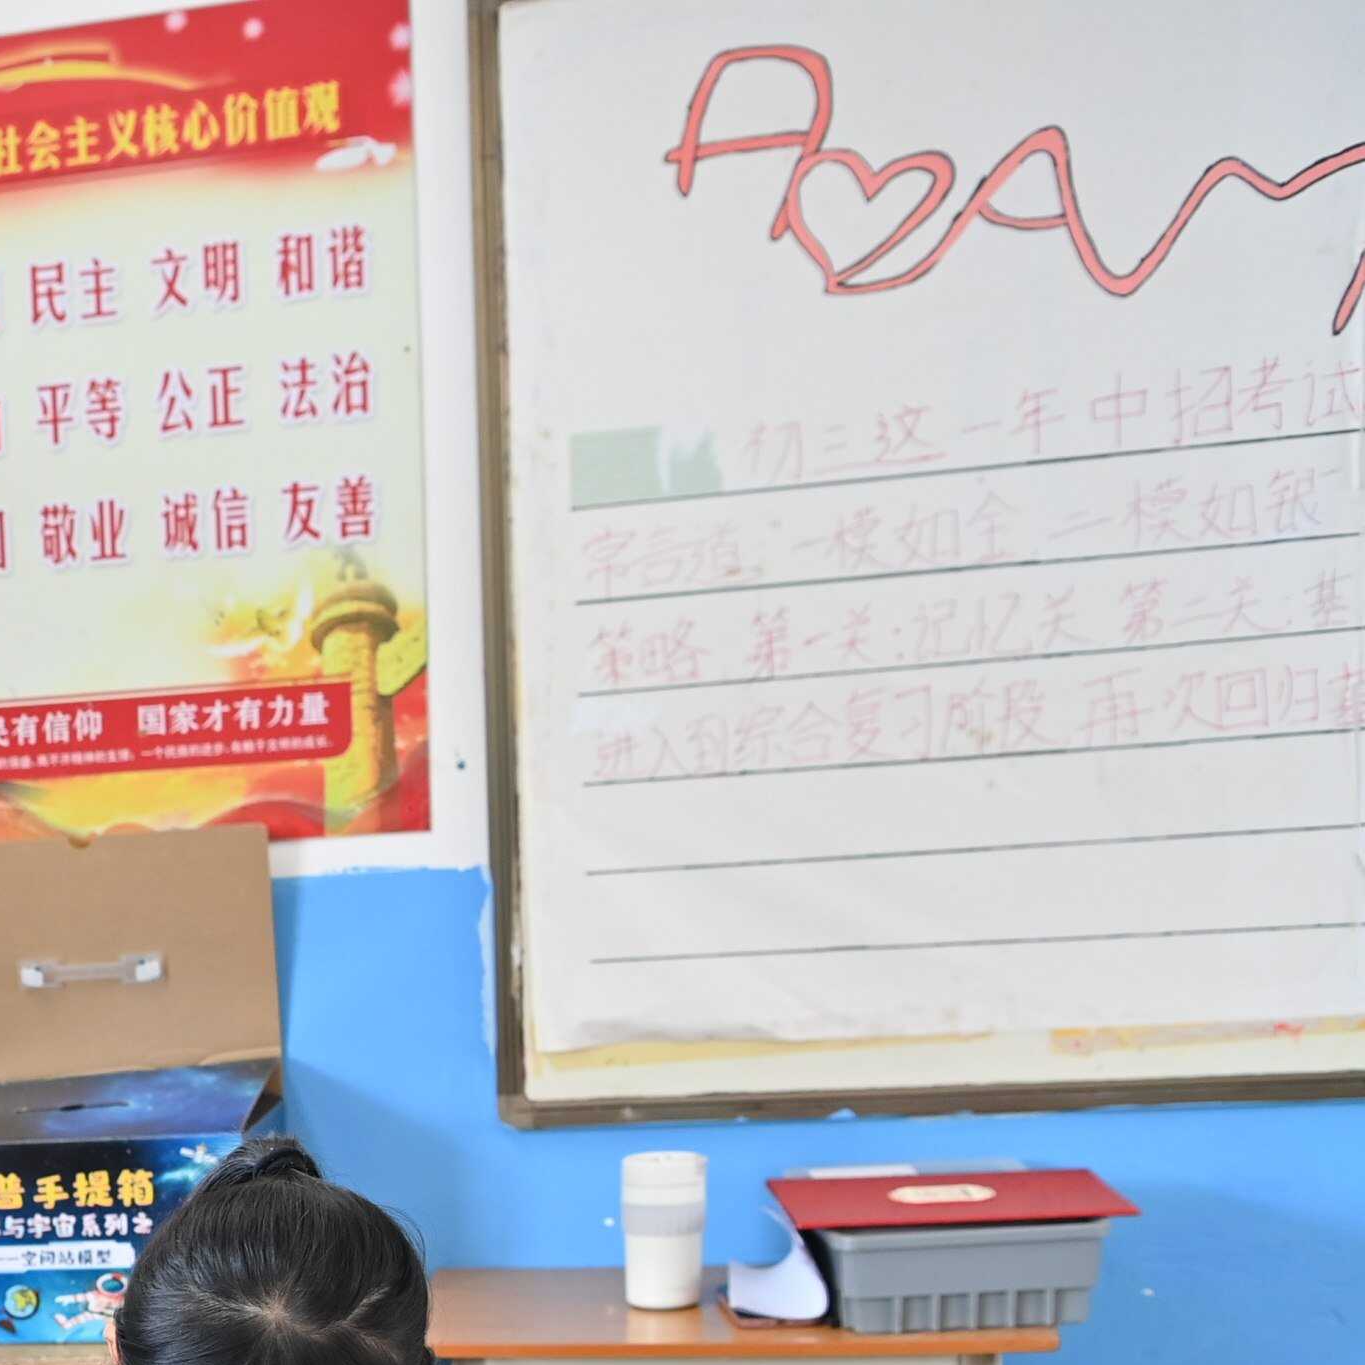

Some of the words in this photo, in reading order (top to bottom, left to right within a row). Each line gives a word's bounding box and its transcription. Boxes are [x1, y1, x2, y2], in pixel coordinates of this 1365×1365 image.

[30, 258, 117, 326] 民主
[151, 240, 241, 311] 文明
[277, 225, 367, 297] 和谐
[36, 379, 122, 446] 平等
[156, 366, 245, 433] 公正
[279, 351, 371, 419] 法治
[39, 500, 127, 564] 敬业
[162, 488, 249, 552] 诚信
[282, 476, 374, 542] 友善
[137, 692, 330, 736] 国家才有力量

● ● ● ● ● ● ●

ABOUT THIS EXERCISE: Drop the images, then copy the data exactly.

PROBLEM SOLUTION:
Some of the words in this photo, in reading order (top to bottom, left to right within a row). Each line gives a word's bounding box and its transcription. Boxes are [x1, y1, x2, y2], in pixel coordinates of this 1365×1365 image.

[30, 258, 117, 326] 民主
[151, 240, 241, 311] 文明
[277, 225, 367, 297] 和谐
[36, 379, 122, 446] 平等
[156, 366, 245, 433] 公正
[279, 351, 371, 419] 法治
[39, 500, 127, 564] 敬业
[162, 488, 249, 552] 诚信
[282, 476, 374, 542] 友善
[137, 692, 330, 736] 国家才有力量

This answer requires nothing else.